## Listed records

== Segment start ==

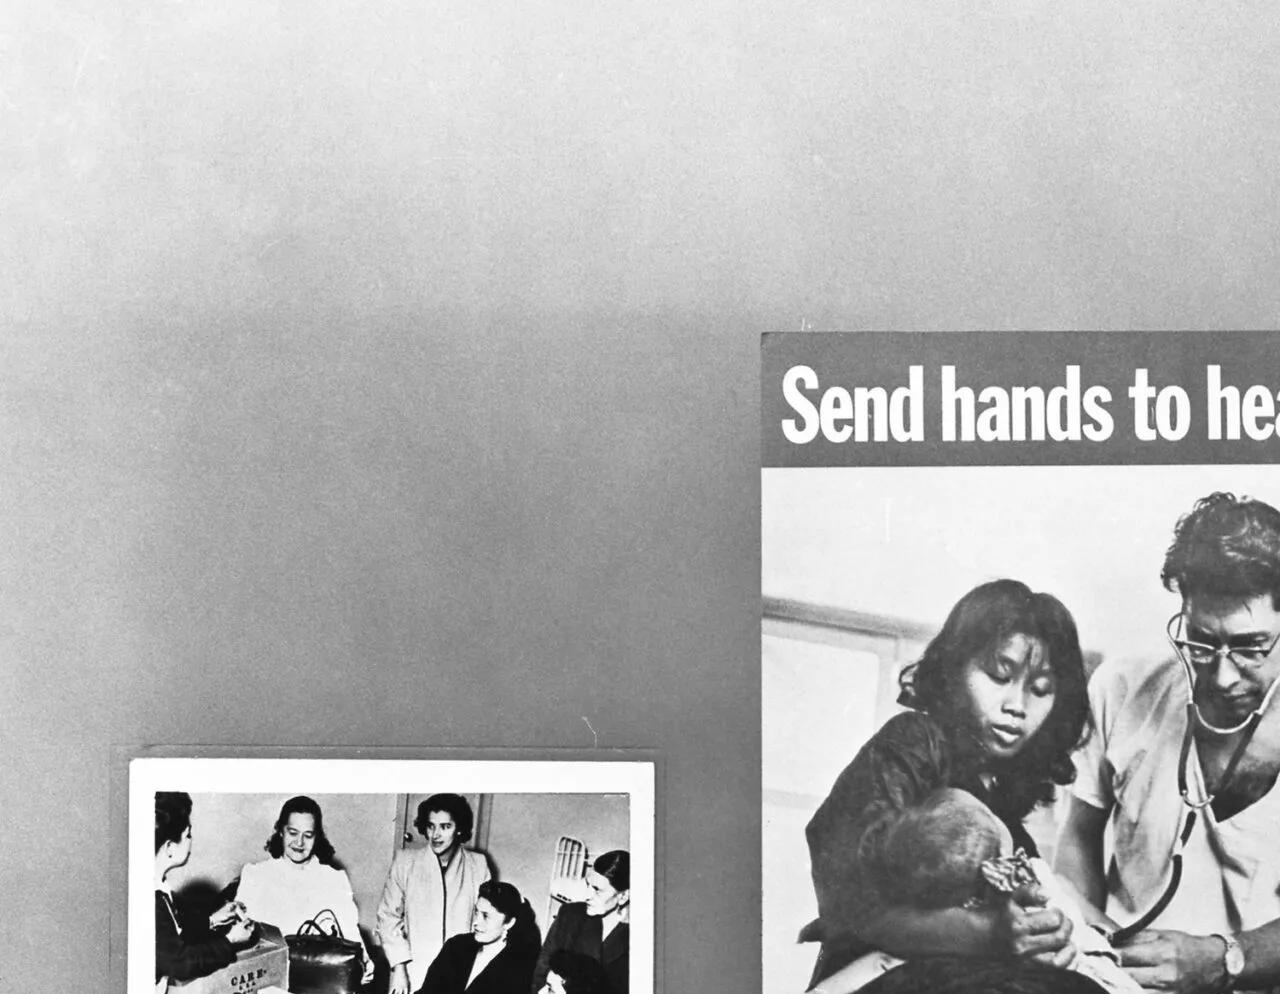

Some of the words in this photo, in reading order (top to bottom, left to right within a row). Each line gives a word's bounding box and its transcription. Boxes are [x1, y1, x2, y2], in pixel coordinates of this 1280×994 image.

[781, 365, 924, 444] Send
[941, 365, 1114, 442] hands
[1128, 368, 1191, 441] to
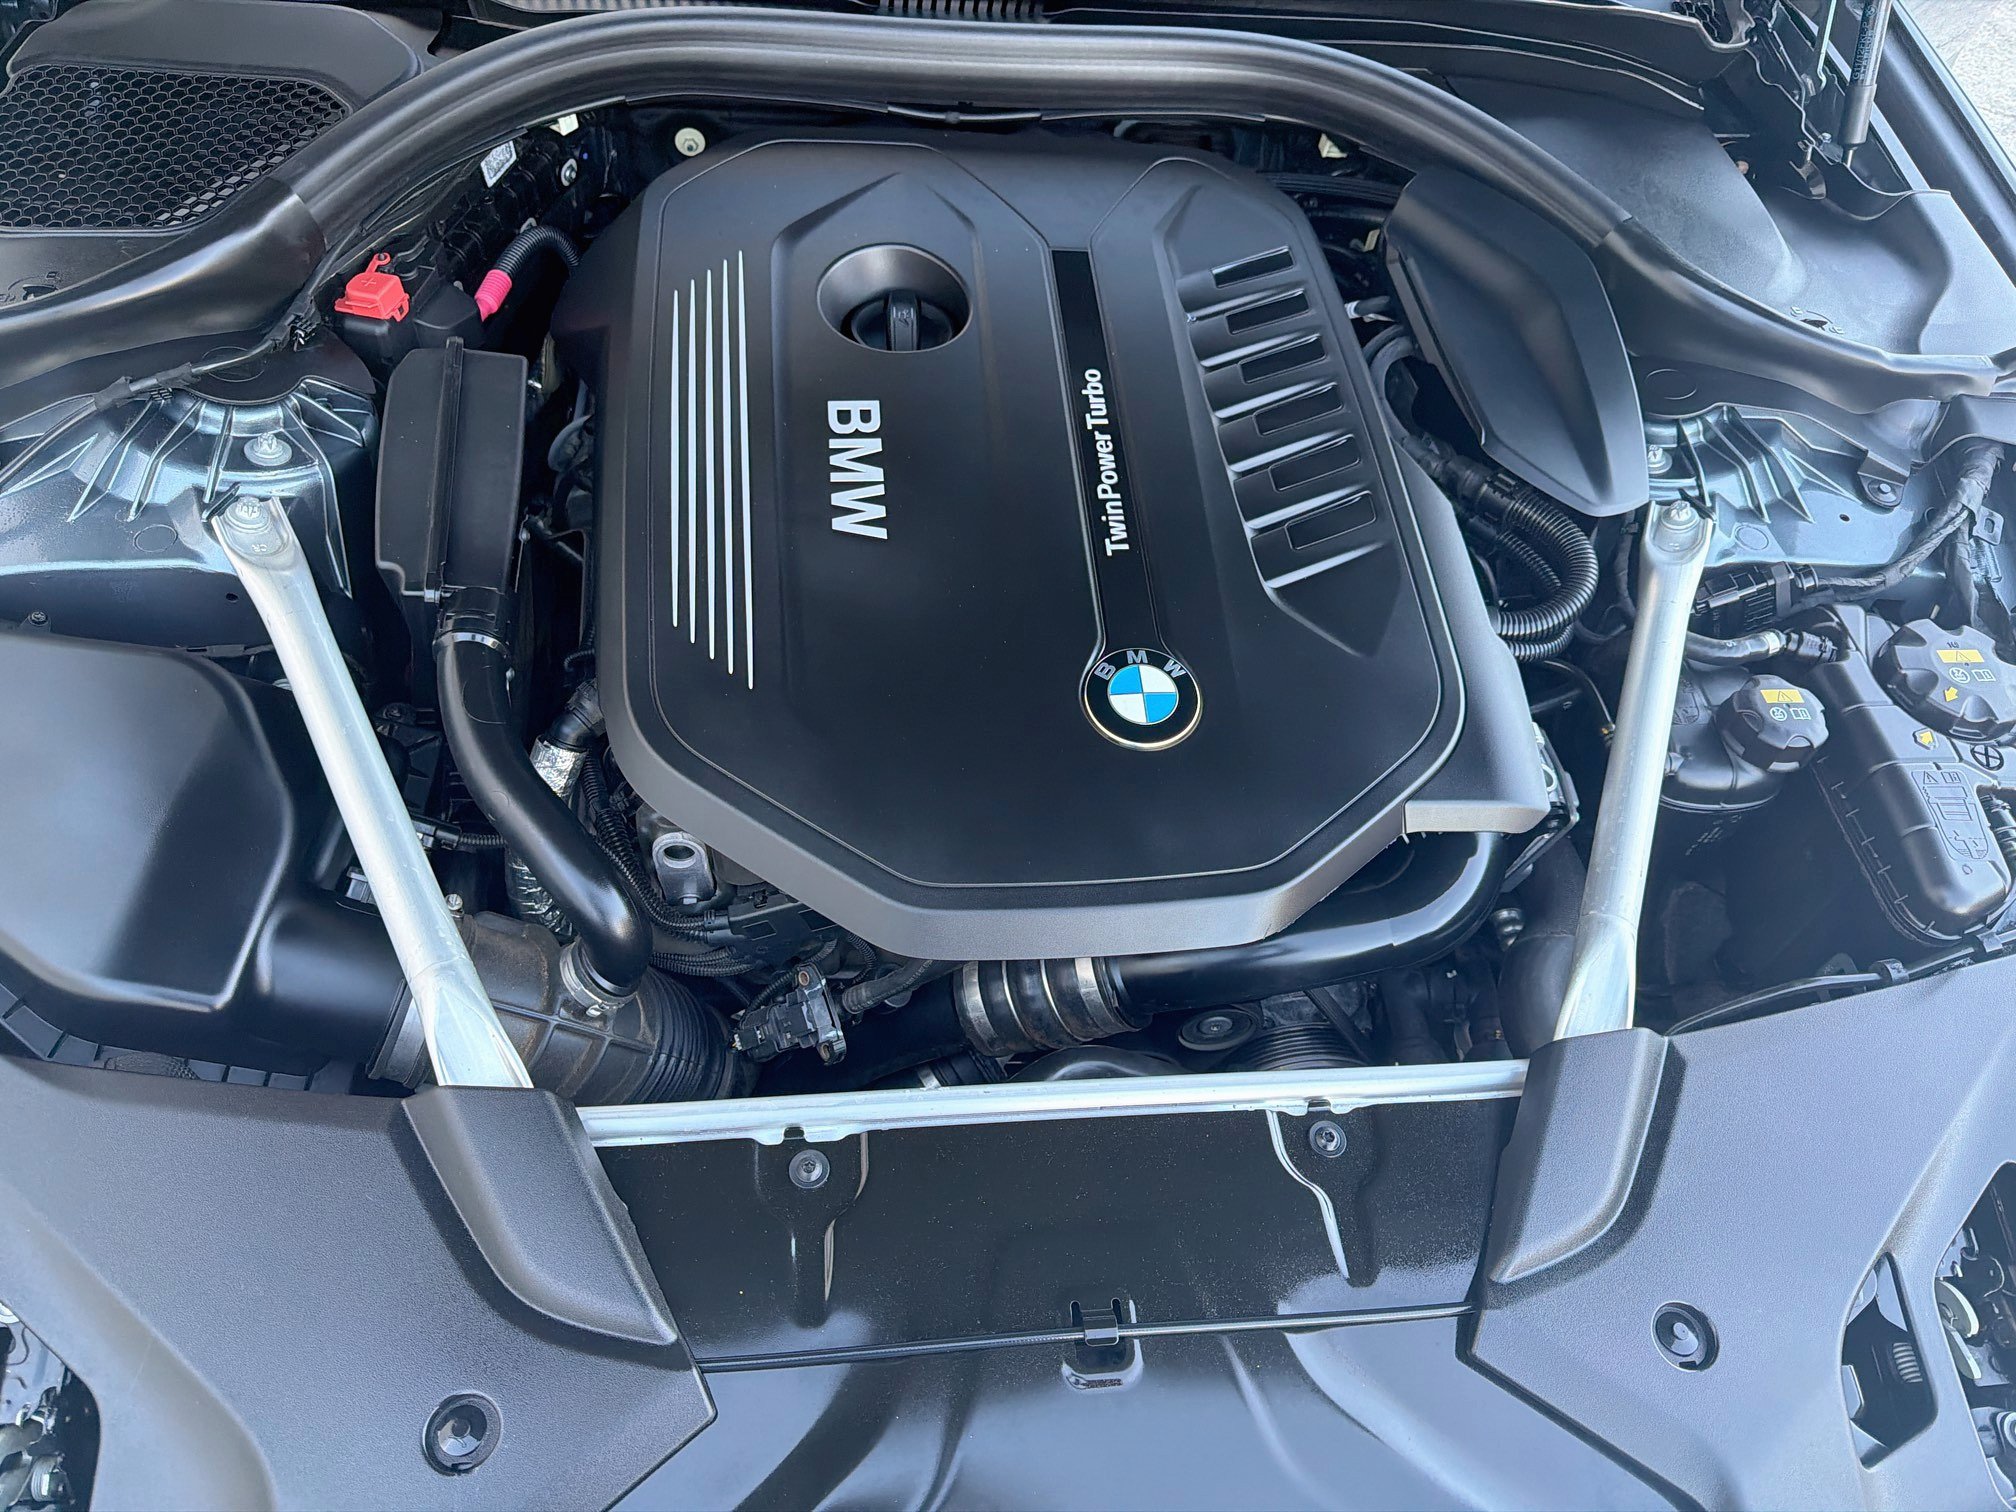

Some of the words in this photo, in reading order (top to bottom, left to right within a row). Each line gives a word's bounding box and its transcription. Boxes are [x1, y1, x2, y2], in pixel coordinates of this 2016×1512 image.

[1081, 368, 1109, 430] Turbo
[827, 400, 888, 540] BMW
[1094, 430, 1130, 556] TwinPower
[1094, 650, 1186, 680] BMW
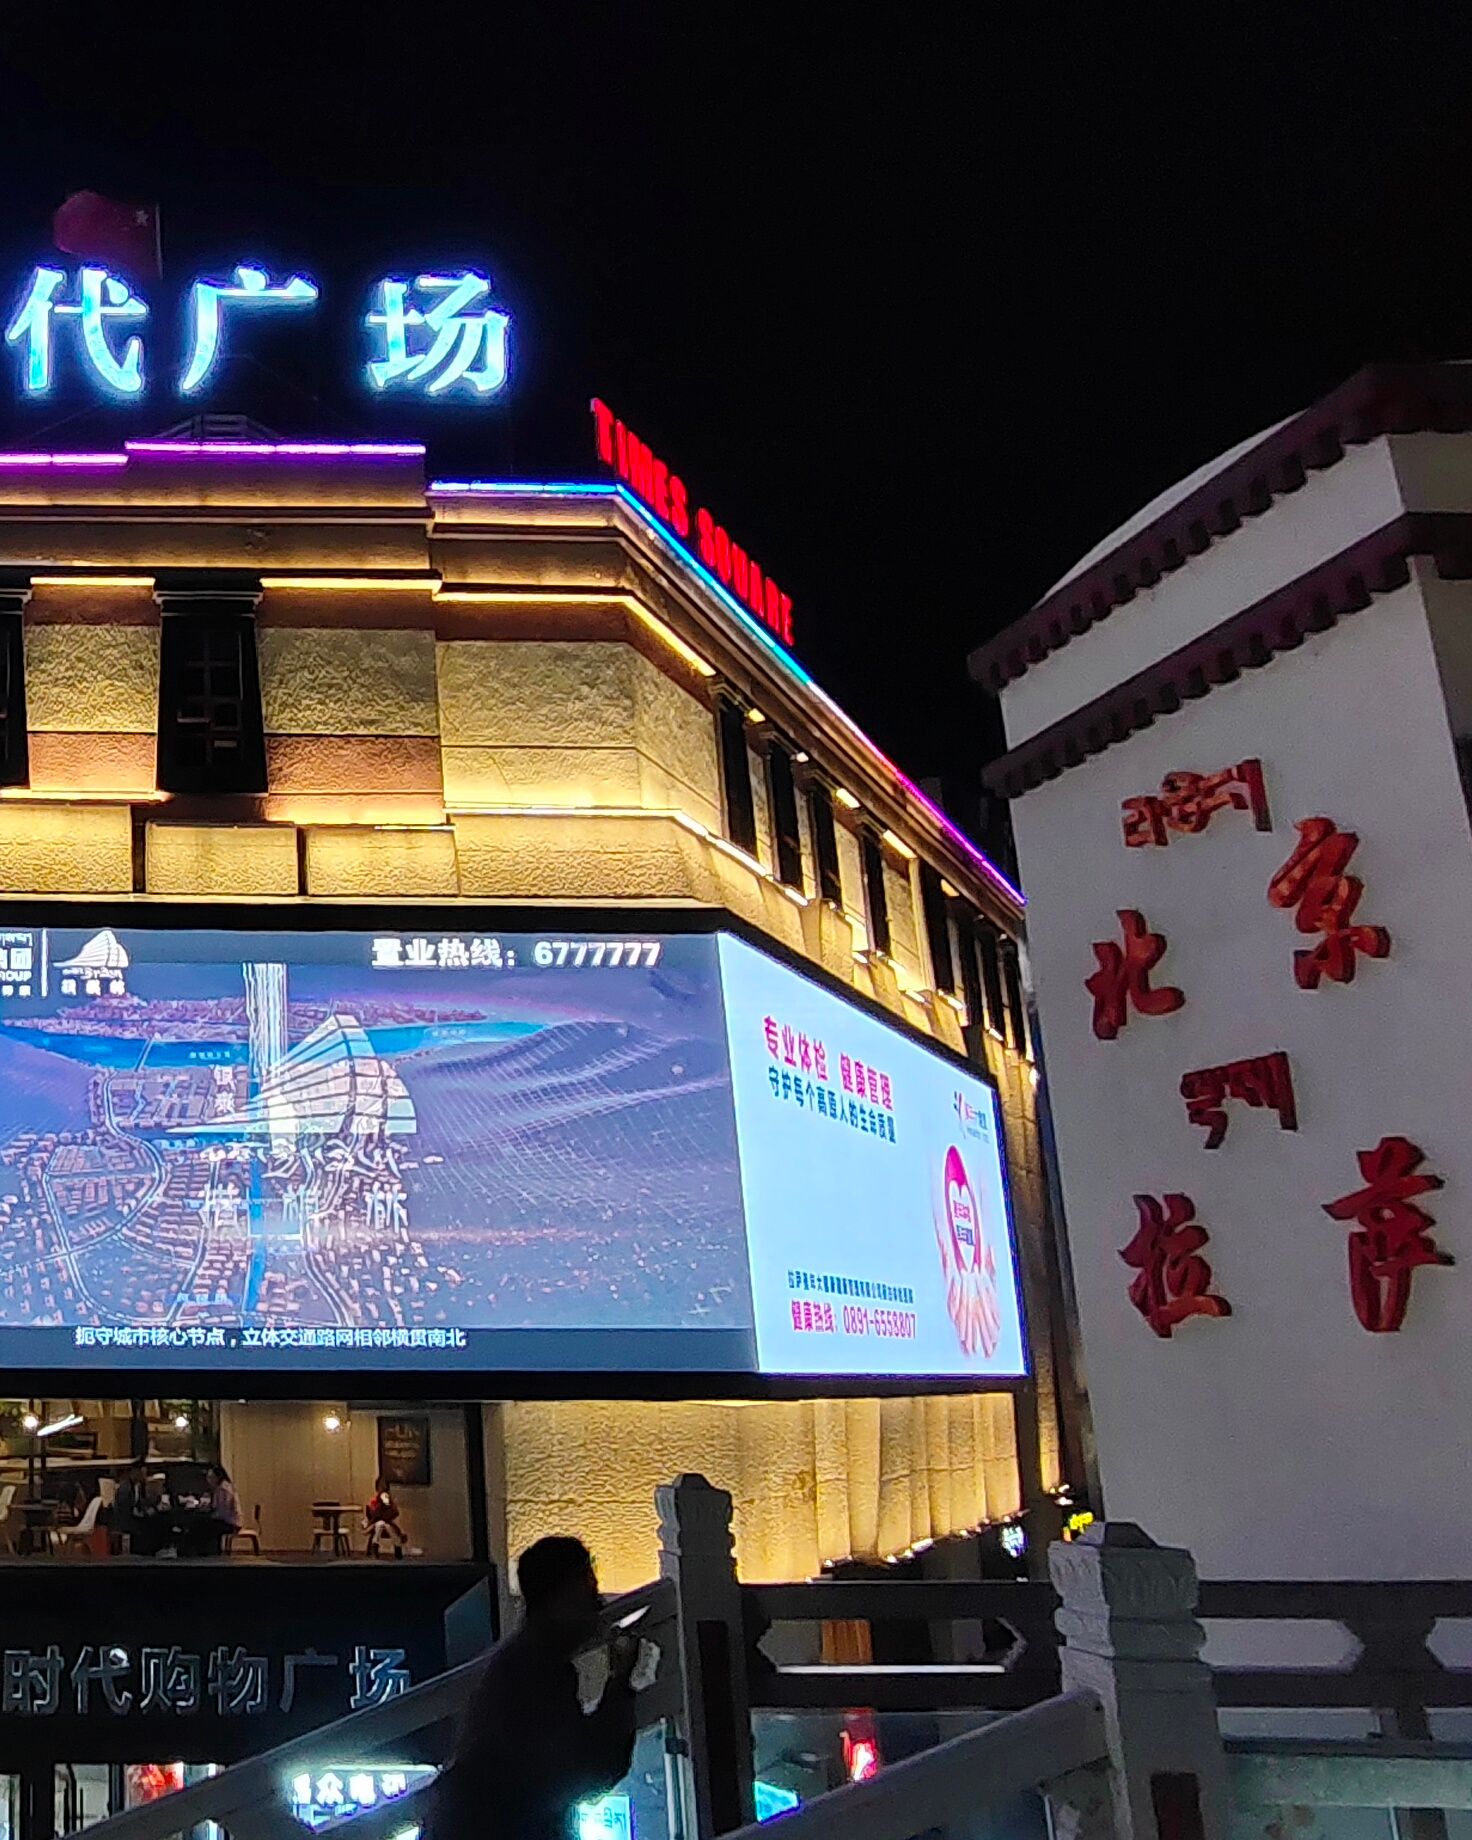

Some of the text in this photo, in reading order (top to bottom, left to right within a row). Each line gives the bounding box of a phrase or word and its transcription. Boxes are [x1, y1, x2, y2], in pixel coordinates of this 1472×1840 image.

[533, 941, 662, 968] 6777777
[764, 1016, 828, 1081] 专业体检
[1118, 1136, 1455, 1339] 拉萨

== Segment end ==

With the pictures omitted, print each line of the data above precisely as given.

Some of the words in this photo, in reading order (top to bottom, left to right within a row). Each line gives a word's bounding box and its transcription. Boxes are [x1, y1, x2, y2], in pixel coordinates of this 1280×994 image.

[781, 365, 924, 444] Send
[941, 365, 1114, 442] hands
[1128, 368, 1191, 441] to

Some of the words in this photo, in reading order (top to bottom, left to right within a row). Each line gives a word's bounding box and its transcription. Boxes are [x1, y1, x2, y2], in pixel coordinates of this 2016×1512 image.

[1081, 368, 1109, 430] Turbo
[827, 400, 888, 540] BMW
[1094, 430, 1130, 556] TwinPower
[1094, 650, 1186, 680] BMW

Some of the text in this photo, in reading order (top to bottom, left to right within a row). Each line gives the bounding box of a phrase or word and its transcription. Boxes are [x1, y1, x2, y2], in pixel coordinates of this 1472×1840 image.

[533, 941, 662, 968] 6777777
[764, 1016, 828, 1081] 专业体检
[1118, 1136, 1455, 1339] 拉萨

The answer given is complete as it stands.